= Beginning of Section =

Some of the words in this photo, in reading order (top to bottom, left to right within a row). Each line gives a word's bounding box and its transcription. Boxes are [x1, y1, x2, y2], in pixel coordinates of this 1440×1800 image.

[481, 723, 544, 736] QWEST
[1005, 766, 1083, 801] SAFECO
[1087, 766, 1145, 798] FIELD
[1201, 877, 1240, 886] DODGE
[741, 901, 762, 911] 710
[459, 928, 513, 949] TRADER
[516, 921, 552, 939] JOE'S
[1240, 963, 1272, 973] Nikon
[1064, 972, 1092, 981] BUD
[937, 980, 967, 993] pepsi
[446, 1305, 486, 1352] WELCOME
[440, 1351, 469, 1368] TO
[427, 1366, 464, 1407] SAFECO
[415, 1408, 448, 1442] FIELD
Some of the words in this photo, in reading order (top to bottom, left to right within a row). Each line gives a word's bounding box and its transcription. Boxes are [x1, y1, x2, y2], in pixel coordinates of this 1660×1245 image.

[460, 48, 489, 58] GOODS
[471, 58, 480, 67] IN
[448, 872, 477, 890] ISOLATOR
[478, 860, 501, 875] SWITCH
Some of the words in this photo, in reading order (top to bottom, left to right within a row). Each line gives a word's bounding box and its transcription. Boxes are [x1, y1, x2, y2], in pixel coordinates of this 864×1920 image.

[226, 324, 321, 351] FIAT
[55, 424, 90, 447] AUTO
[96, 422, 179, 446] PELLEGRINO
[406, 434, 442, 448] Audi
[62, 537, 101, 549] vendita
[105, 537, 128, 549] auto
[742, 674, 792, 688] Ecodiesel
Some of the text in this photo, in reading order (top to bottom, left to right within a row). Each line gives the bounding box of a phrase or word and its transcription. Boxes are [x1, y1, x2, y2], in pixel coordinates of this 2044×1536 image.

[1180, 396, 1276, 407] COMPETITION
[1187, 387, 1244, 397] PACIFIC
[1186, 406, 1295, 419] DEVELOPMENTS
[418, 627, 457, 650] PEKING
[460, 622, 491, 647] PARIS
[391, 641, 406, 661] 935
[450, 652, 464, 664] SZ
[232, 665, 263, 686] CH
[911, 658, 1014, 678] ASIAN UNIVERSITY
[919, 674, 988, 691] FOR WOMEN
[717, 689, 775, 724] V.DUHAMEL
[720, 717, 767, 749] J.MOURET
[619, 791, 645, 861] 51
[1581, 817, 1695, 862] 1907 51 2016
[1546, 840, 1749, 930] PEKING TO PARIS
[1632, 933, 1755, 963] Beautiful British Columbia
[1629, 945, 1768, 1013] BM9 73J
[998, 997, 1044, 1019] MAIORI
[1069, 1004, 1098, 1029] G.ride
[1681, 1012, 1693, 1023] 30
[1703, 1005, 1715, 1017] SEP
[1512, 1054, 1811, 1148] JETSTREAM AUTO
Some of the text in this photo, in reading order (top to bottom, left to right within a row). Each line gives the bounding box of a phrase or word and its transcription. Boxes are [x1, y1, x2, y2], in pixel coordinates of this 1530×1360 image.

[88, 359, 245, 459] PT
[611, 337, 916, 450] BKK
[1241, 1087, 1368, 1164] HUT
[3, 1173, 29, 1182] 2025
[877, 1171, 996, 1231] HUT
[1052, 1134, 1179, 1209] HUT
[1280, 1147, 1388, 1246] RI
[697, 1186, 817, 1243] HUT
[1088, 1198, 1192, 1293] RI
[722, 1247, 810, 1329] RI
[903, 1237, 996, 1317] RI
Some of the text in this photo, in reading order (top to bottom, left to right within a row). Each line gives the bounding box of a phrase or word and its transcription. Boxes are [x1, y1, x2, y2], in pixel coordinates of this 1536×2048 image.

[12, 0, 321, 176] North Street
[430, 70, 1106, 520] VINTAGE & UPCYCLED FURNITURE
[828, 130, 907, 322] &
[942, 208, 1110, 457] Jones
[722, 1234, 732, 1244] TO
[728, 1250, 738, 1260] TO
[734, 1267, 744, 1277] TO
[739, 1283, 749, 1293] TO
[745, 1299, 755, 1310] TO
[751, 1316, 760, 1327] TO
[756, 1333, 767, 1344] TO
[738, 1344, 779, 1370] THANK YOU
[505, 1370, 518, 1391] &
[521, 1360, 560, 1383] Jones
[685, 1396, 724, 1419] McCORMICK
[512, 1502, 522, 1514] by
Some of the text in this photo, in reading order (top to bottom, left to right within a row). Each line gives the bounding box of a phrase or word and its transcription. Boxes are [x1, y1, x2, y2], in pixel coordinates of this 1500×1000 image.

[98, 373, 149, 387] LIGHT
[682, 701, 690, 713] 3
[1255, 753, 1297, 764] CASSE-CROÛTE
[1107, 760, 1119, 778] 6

= End of Section =

-- WORK TO BE COMPLETED --
Here the job is to restate all of the data word for word.

-- SOLVED PROBLEM --
Some of the words in this photo, in reading order (top to bottom, left to right within a row). Each line gives a word's bounding box and its transcription. Boxes are [x1, y1, x2, y2], in pixel coordinates of this 1440×1800 image.

[481, 723, 544, 736] QWEST
[1005, 766, 1083, 801] SAFECO
[1087, 766, 1145, 798] FIELD
[1201, 877, 1240, 886] DODGE
[741, 901, 762, 911] 710
[459, 928, 513, 949] TRADER
[516, 921, 552, 939] JOE'S
[1240, 963, 1272, 973] Nikon
[1064, 972, 1092, 981] BUD
[937, 980, 967, 993] pepsi
[446, 1305, 486, 1352] WELCOME
[440, 1351, 469, 1368] TO
[427, 1366, 464, 1407] SAFECO
[415, 1408, 448, 1442] FIELD
Some of the words in this photo, in reading order (top to bottom, left to right within a row). Each line gives a word's bounding box and its transcription. Boxes are [x1, y1, x2, y2], in pixel coordinates of this 1660×1245 image.

[460, 48, 489, 58] GOODS
[471, 58, 480, 67] IN
[448, 872, 477, 890] ISOLATOR
[478, 860, 501, 875] SWITCH
Some of the words in this photo, in reading order (top to bottom, left to right within a row). Each line gives a word's bounding box and its transcription. Boxes are [x1, y1, x2, y2], in pixel coordinates of this 864×1920 image.

[226, 324, 321, 351] FIAT
[55, 424, 90, 447] AUTO
[96, 422, 179, 446] PELLEGRINO
[406, 434, 442, 448] Audi
[62, 537, 101, 549] vendita
[105, 537, 128, 549] auto
[742, 674, 792, 688] Ecodiesel
Some of the text in this photo, in reading order (top to bottom, left to right within a row). Each line gives the bounding box of a phrase or word and its transcription. Boxes are [x1, y1, x2, y2], in pixel coordinates of this 2044×1536 image.

[1180, 396, 1276, 407] COMPETITION
[1187, 387, 1244, 397] PACIFIC
[1186, 406, 1295, 419] DEVELOPMENTS
[418, 627, 457, 650] PEKING
[460, 622, 491, 647] PARIS
[391, 641, 406, 661] 935
[450, 652, 464, 664] SZ
[232, 665, 263, 686] CH
[911, 658, 1014, 678] ASIAN UNIVERSITY
[919, 674, 988, 691] FOR WOMEN
[717, 689, 775, 724] V.DUHAMEL
[720, 717, 767, 749] J.MOURET
[619, 791, 645, 861] 51
[1581, 817, 1695, 862] 1907 51 2016
[1546, 840, 1749, 930] PEKING TO PARIS
[1632, 933, 1755, 963] Beautiful British Columbia
[1629, 945, 1768, 1013] BM9 73J
[998, 997, 1044, 1019] MAIORI
[1069, 1004, 1098, 1029] G.ride
[1681, 1012, 1693, 1023] 30
[1703, 1005, 1715, 1017] SEP
[1512, 1054, 1811, 1148] JETSTREAM AUTO
Some of the text in this photo, in reading order (top to bottom, left to right within a row). Each line gives the bounding box of a phrase or word and its transcription. Boxes are [x1, y1, x2, y2], in pixel coordinates of this 1530×1360 image.

[88, 359, 245, 459] PT
[611, 337, 916, 450] BKK
[1241, 1087, 1368, 1164] HUT
[3, 1173, 29, 1182] 2025
[877, 1171, 996, 1231] HUT
[1052, 1134, 1179, 1209] HUT
[1280, 1147, 1388, 1246] RI
[697, 1186, 817, 1243] HUT
[1088, 1198, 1192, 1293] RI
[722, 1247, 810, 1329] RI
[903, 1237, 996, 1317] RI
Some of the text in this photo, in reading order (top to bottom, left to right within a row). Each line gives the bounding box of a phrase or word and its transcription. Boxes are [x1, y1, x2, y2], in pixel coordinates of this 1536×2048 image.

[12, 0, 321, 176] North Street
[430, 70, 1106, 520] VINTAGE & UPCYCLED FURNITURE
[828, 130, 907, 322] &
[942, 208, 1110, 457] Jones
[722, 1234, 732, 1244] TO
[728, 1250, 738, 1260] TO
[734, 1267, 744, 1277] TO
[739, 1283, 749, 1293] TO
[745, 1299, 755, 1310] TO
[751, 1316, 760, 1327] TO
[756, 1333, 767, 1344] TO
[738, 1344, 779, 1370] THANK YOU
[505, 1370, 518, 1391] &
[521, 1360, 560, 1383] Jones
[685, 1396, 724, 1419] McCORMICK
[512, 1502, 522, 1514] by
Some of the text in this photo, in reading order (top to bottom, left to right within a row). Each line gives the bounding box of a phrase or word and its transcription. Boxes are [x1, y1, x2, y2], in pixel coordinates of this 1500×1000 image.

[98, 373, 149, 387] LIGHT
[682, 701, 690, 713] 3
[1255, 753, 1297, 764] CASSE-CROÛTE
[1107, 760, 1119, 778] 6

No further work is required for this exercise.